The emergence of culture as economic goods that can be traded - crafts, music, films, TV programs, software, books, tourism etc. - has contributed very substantially to the globalization of culture.
A UNESCO study shows that world trade in goods with cultural content - printed matter, literature, music, visual arts, cinematic, photographic, radio and television equipment - has grown tremendously.
For the United States the largest single export industry is computers, and the combined exports of films, sound recordings, printed matter and information, and computer software industries.
More recently, in films and television programs, Hollywood films grossed more than 30 billion worldwide in 1997, and in 1998 a single movie, Titanic, grossed more than 1.8 billion.
As the Human Development Report 1999 points out, the vehicles for this trade in cultural goods are the new technologies.
Satellite communications technology from the mid-1980s gave rise to a powerful new medium with a global reach and to such global media networks as CNN.
The development of the Internet is also spreading culture around the world, over expanded telecommunications infrastructure of fiber optics and parabolic antennas.

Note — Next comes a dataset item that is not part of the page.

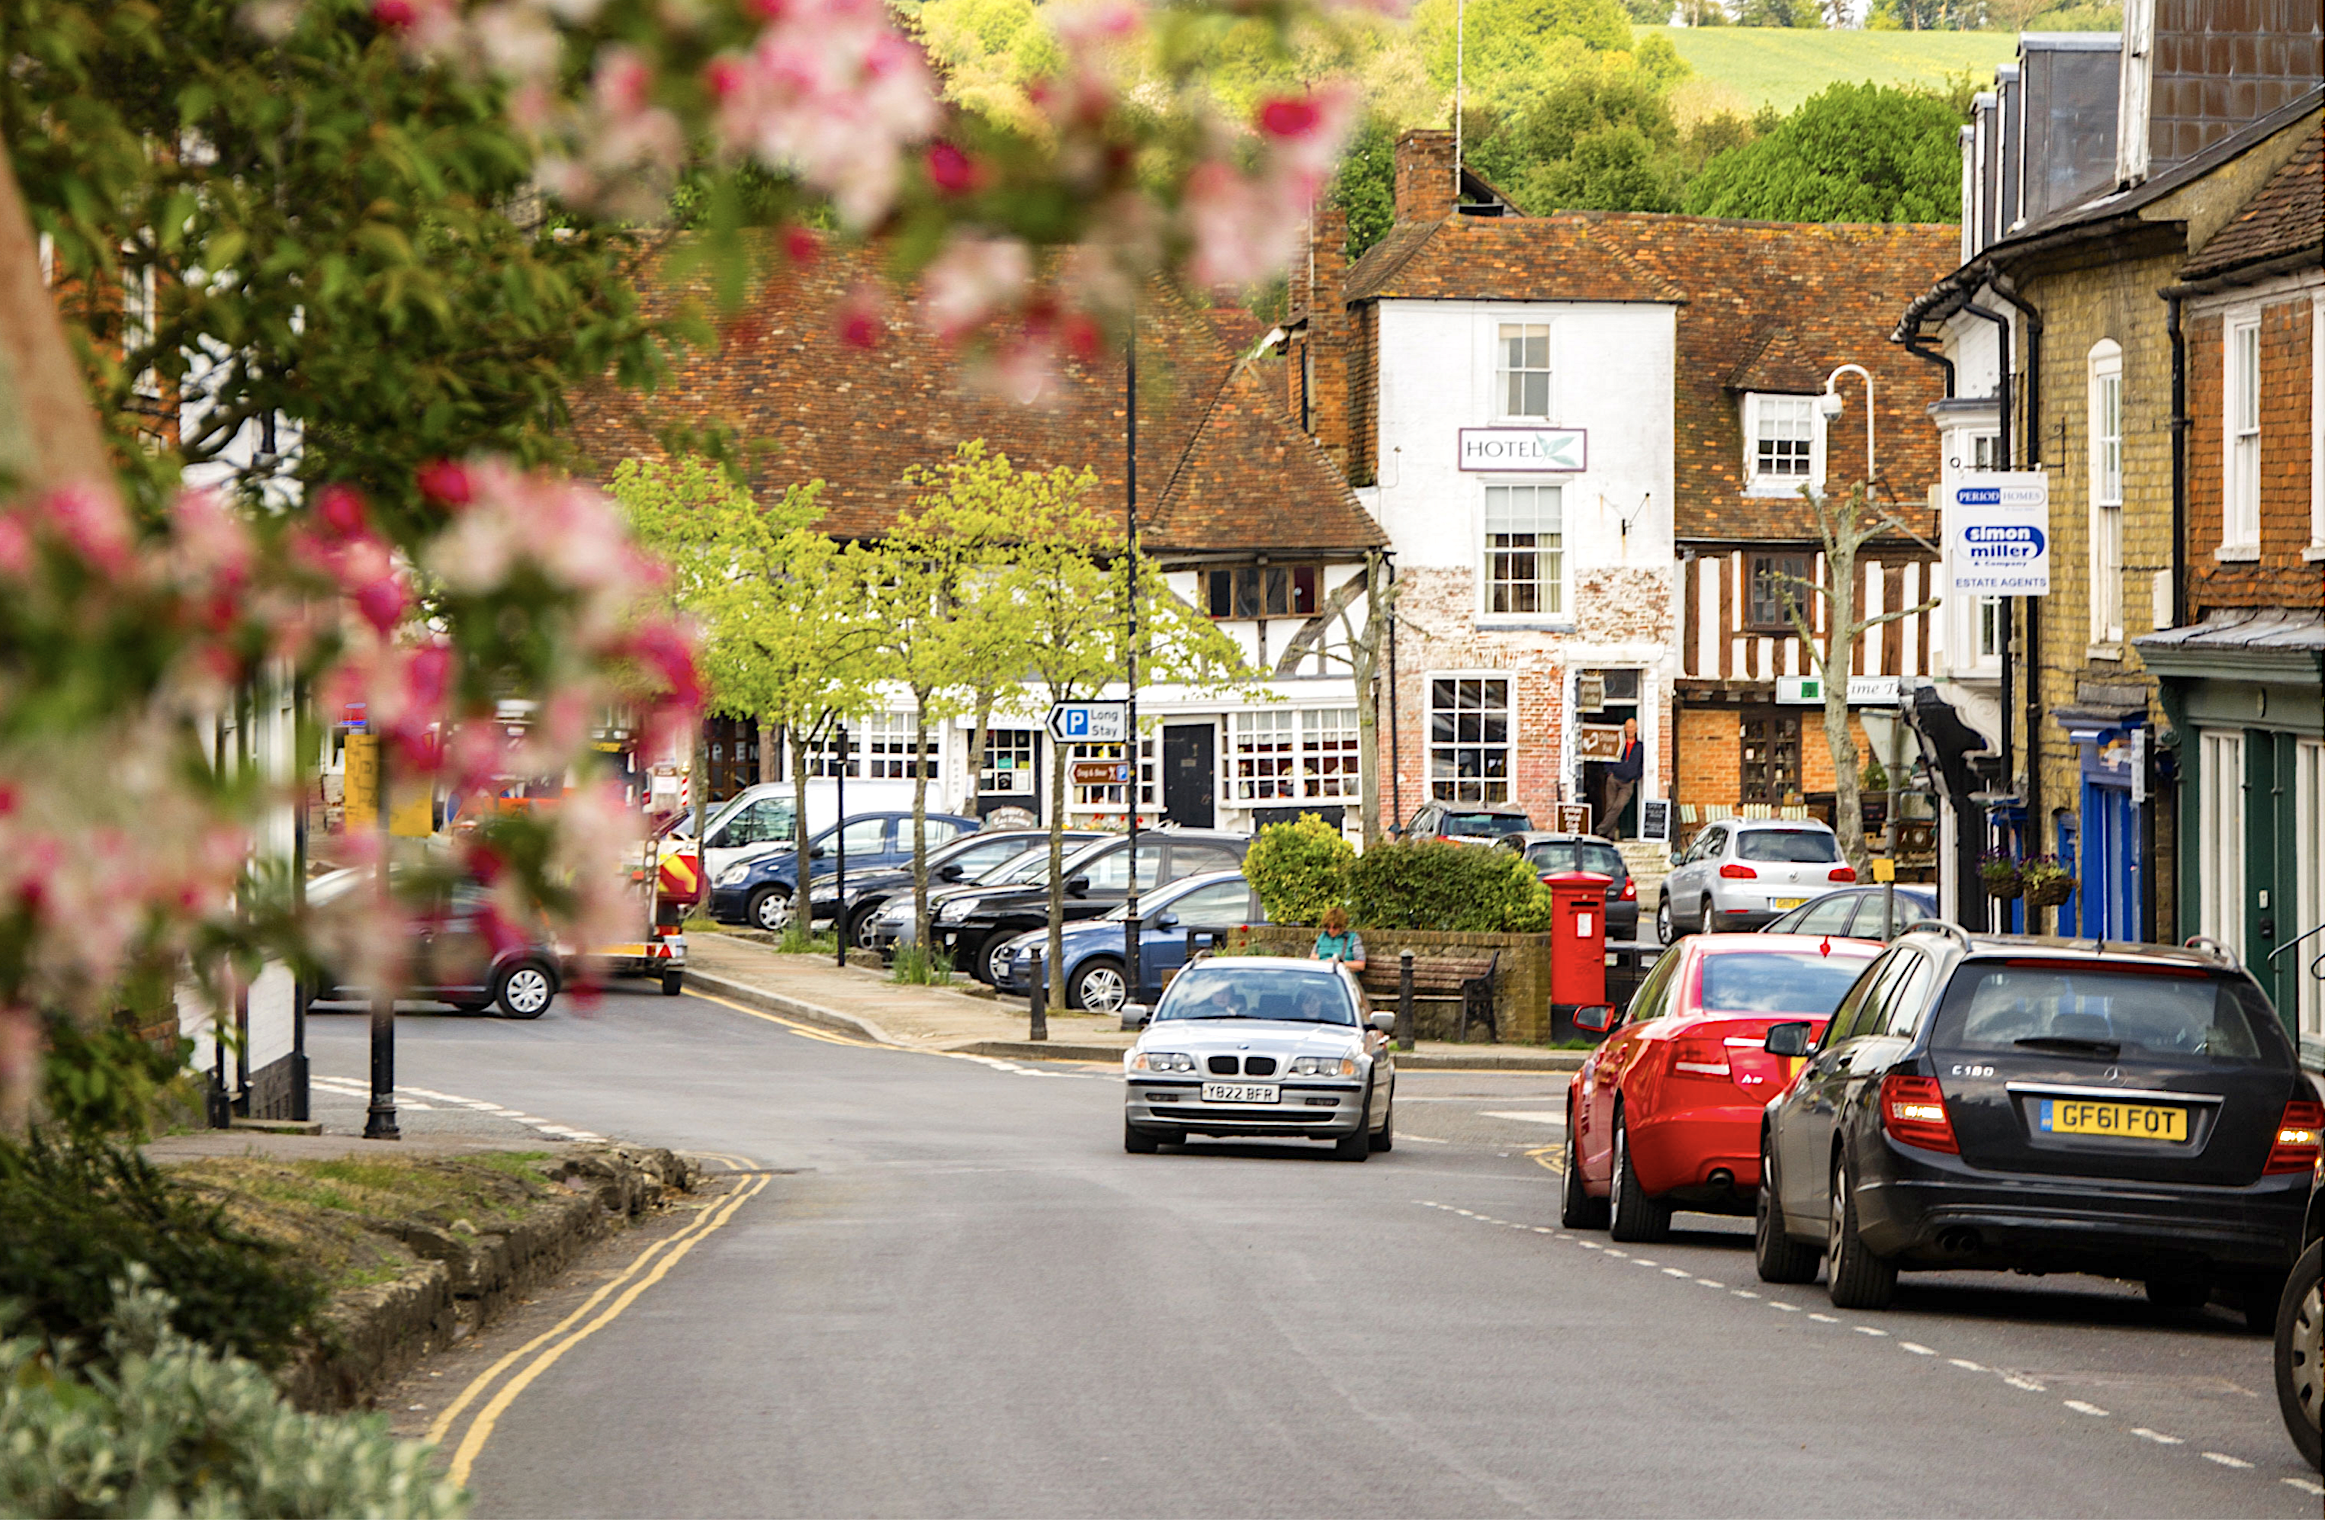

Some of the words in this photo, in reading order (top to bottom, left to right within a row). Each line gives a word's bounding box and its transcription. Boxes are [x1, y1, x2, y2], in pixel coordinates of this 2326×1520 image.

The Report referred to above points out that the global market for cultural products is becoming concentrated, driving out small and local industries.
At the core of the entertainment industry - film, music and television - there is a growing dominance of US products, and many countries are seeing their local industries wither.
Although India makes the most films each year, Hollywood reaches every market, getting more than 50 per cent of its revenues from overseas, up from just 30 per cent in 1980.
It claimed 70 per cent of the film market in Europe in 1996, up from 56 per cent in 1987 - and 83 per cent in Latin America and 50 per cent in Japan.
By contrast, foreign films rarely make it big in the United States, taking less than three per cent of the market there.
Questions:
a. What are the issue and prospects discussed in the case?
b. What are the implications of the spread of pop culture for business?
c. Can pop culture encourage achievement motivation?
d. Based on the case, project future business environment.